• PROBLEM DETAILS:
Output the records exactly, and drop each picture.

───── THE DATA ─────

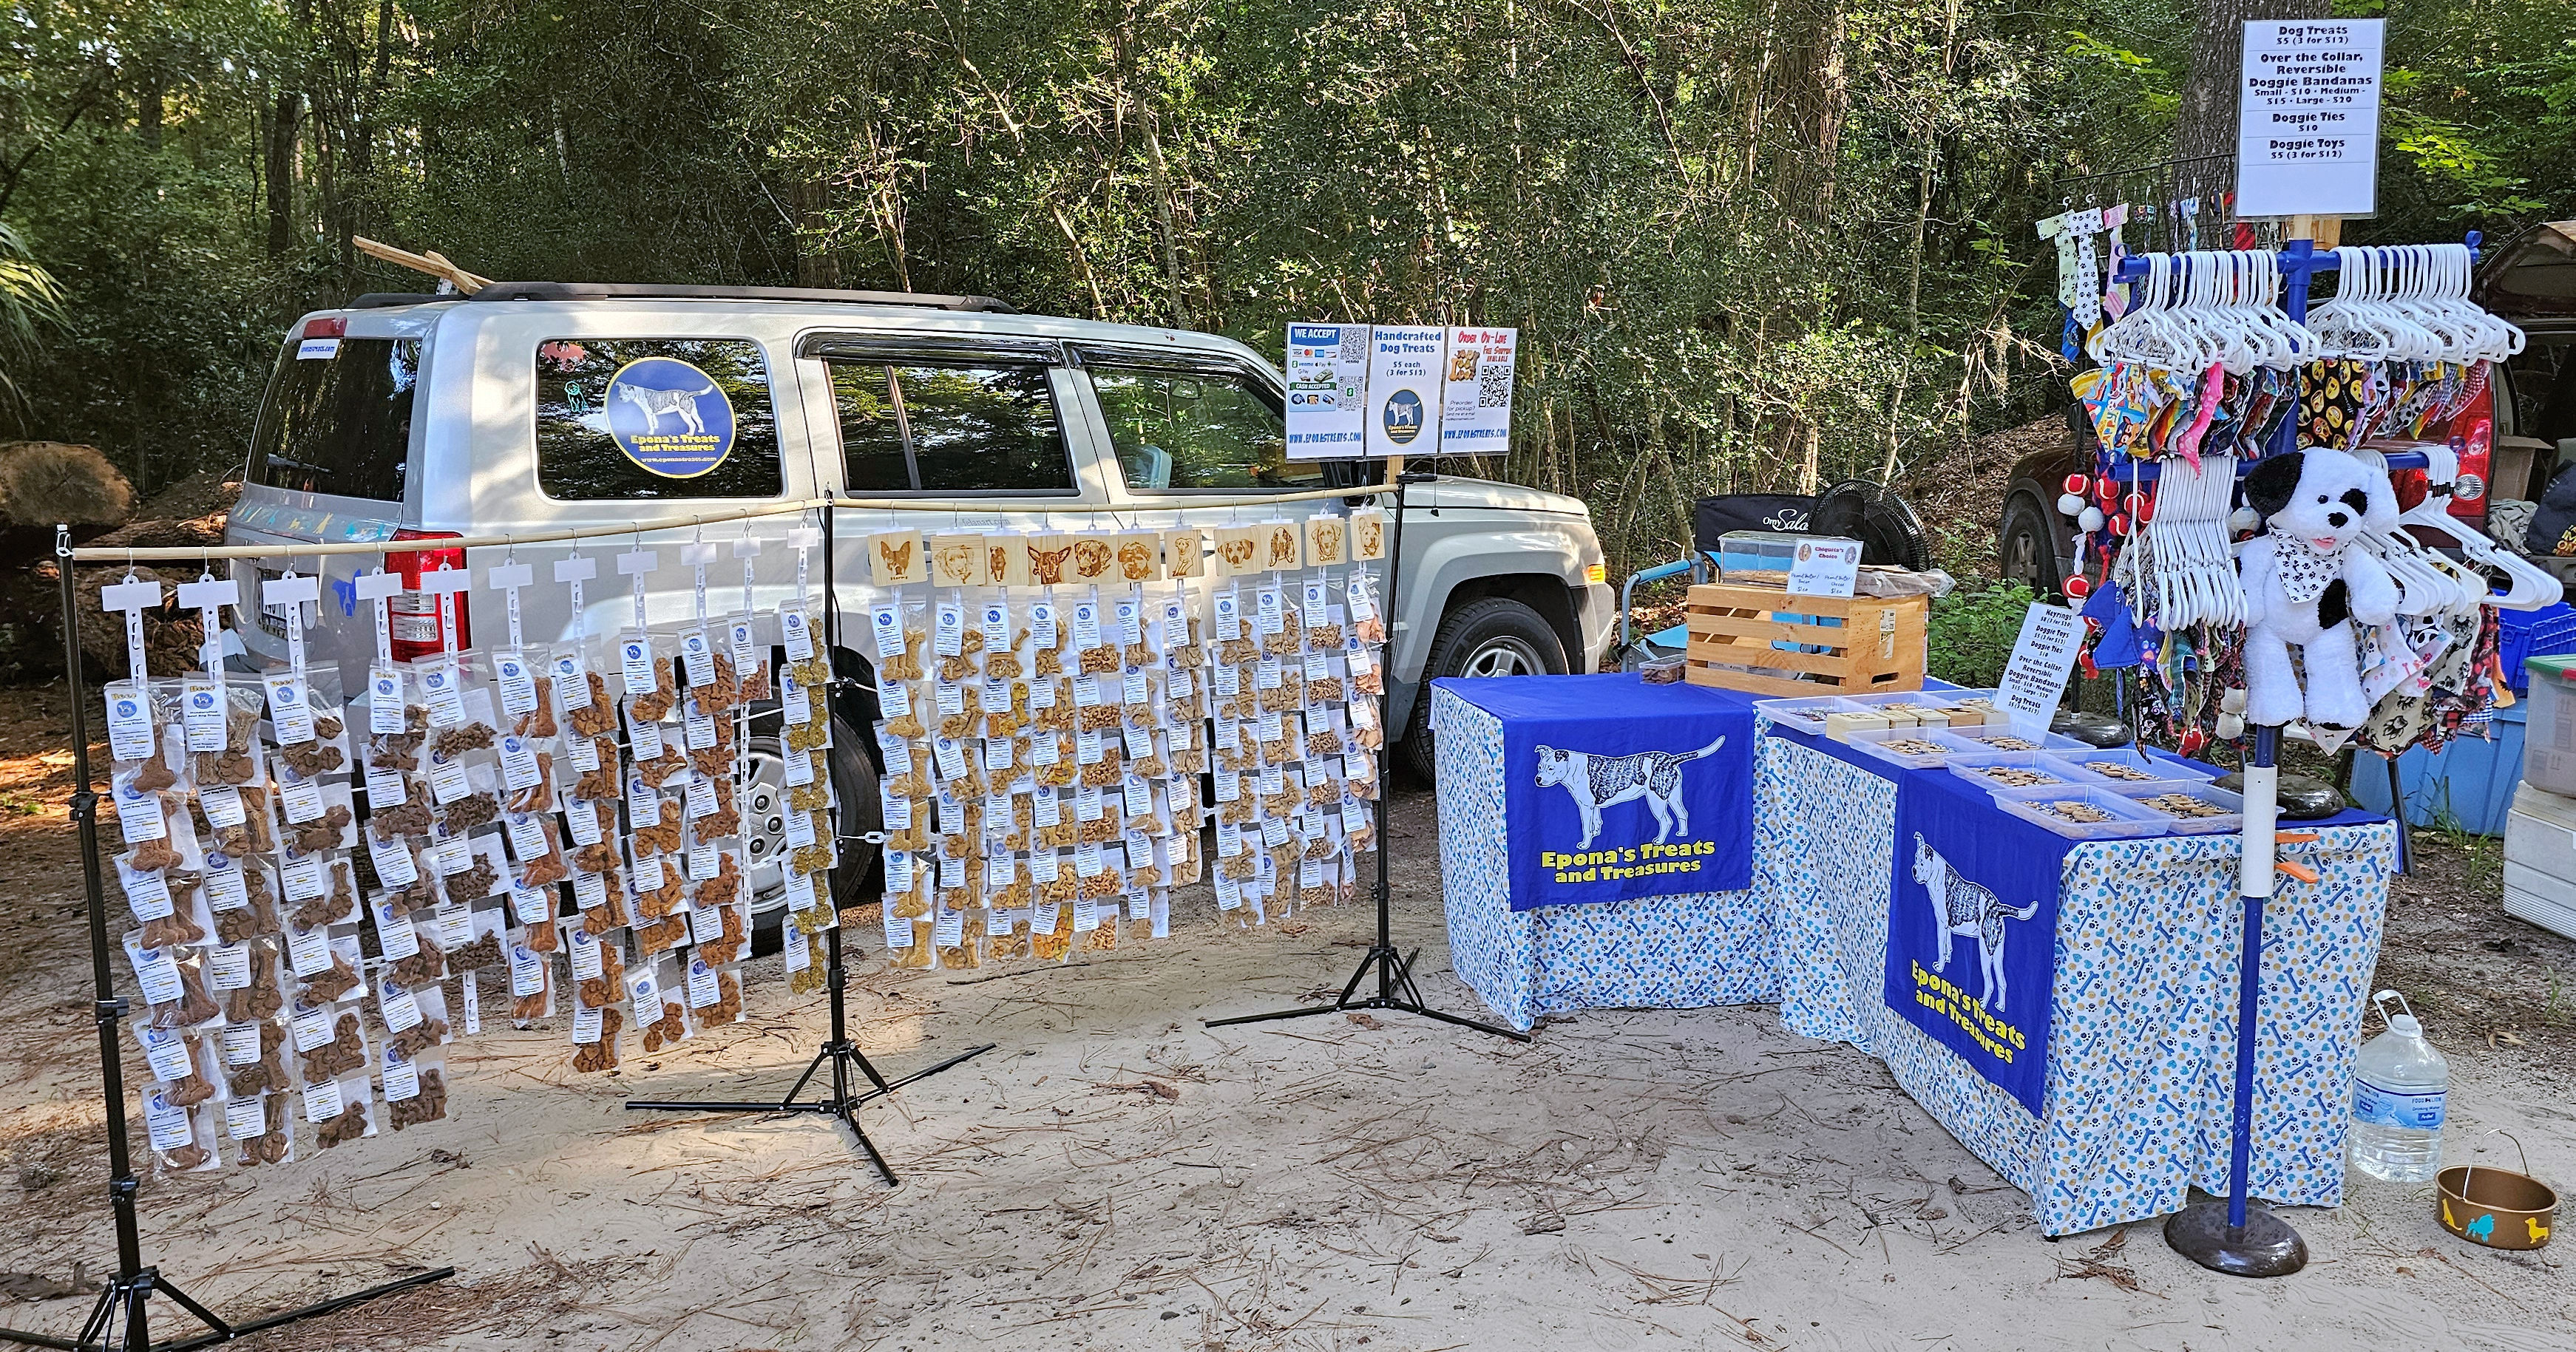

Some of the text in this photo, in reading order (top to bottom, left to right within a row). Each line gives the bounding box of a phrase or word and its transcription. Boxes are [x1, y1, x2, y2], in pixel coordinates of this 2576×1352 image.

[2280, 26, 2348, 36] Dog Treats
[2293, 37, 2302, 45] (3
[2261, 52, 2363, 62] Over the Collar,
[2277, 65, 2345, 74] Reversible
[2249, 77, 2372, 88] Doggie Bandanas
[2297, 97, 2323, 105] Large
[2273, 112, 2345, 123] Doggie Ties
[2270, 139, 2345, 150] Doggie Toys
[1295, 328, 1336, 338] WE ACCEPT
[1375, 331, 1441, 342] Handcrafted
[1380, 344, 1434, 354] Dog Treats
[631, 435, 720, 445] Epona's Treats
[2046, 609, 2072, 620] Keyrings
[2036, 625, 2070, 638] Doggie Toys
[2031, 641, 2063, 653] Doggie Ties
[2022, 665, 2052, 678] Reversible
[2044, 662, 2062, 672] Collar,
[270, 679, 294, 687] Beef
[2009, 670, 2061, 689] Doggie Bandanas
[2011, 695, 2041, 708] Dog Treats
[1542, 840, 1715, 869] Epona's Treats
[1555, 859, 1701, 883] and Treasures
[1911, 959, 2026, 1050] Epona's Treats
[1916, 988, 2013, 1064] and Treasures

─────

• SOLUTION FOR THIS PROBLEM:
Some of the text in this photo, in reading order (top to bottom, left to right within a row). Each line gives the bounding box of a phrase or word and its transcription. Boxes are [x1, y1, x2, y2], in pixel coordinates of this 2576×1352 image.

[2280, 26, 2348, 36] Dog Treats
[2293, 37, 2302, 45] (3
[2261, 52, 2363, 62] Over the Collar,
[2277, 65, 2345, 74] Reversible
[2249, 77, 2372, 88] Doggie Bandanas
[2297, 97, 2323, 105] Large
[2273, 112, 2345, 123] Doggie Ties
[2270, 139, 2345, 150] Doggie Toys
[1295, 328, 1336, 338] WE ACCEPT
[1375, 331, 1441, 342] Handcrafted
[1380, 344, 1434, 354] Dog Treats
[631, 435, 720, 445] Epona's Treats
[2046, 609, 2072, 620] Keyrings
[2036, 625, 2070, 638] Doggie Toys
[2031, 641, 2063, 653] Doggie Ties
[2022, 665, 2052, 678] Reversible
[2044, 662, 2062, 672] Collar,
[270, 679, 294, 687] Beef
[2009, 670, 2061, 689] Doggie Bandanas
[2011, 695, 2041, 708] Dog Treats
[1542, 840, 1715, 869] Epona's Treats
[1555, 859, 1701, 883] and Treasures
[1911, 959, 2026, 1050] Epona's Treats
[1916, 988, 2013, 1064] and Treasures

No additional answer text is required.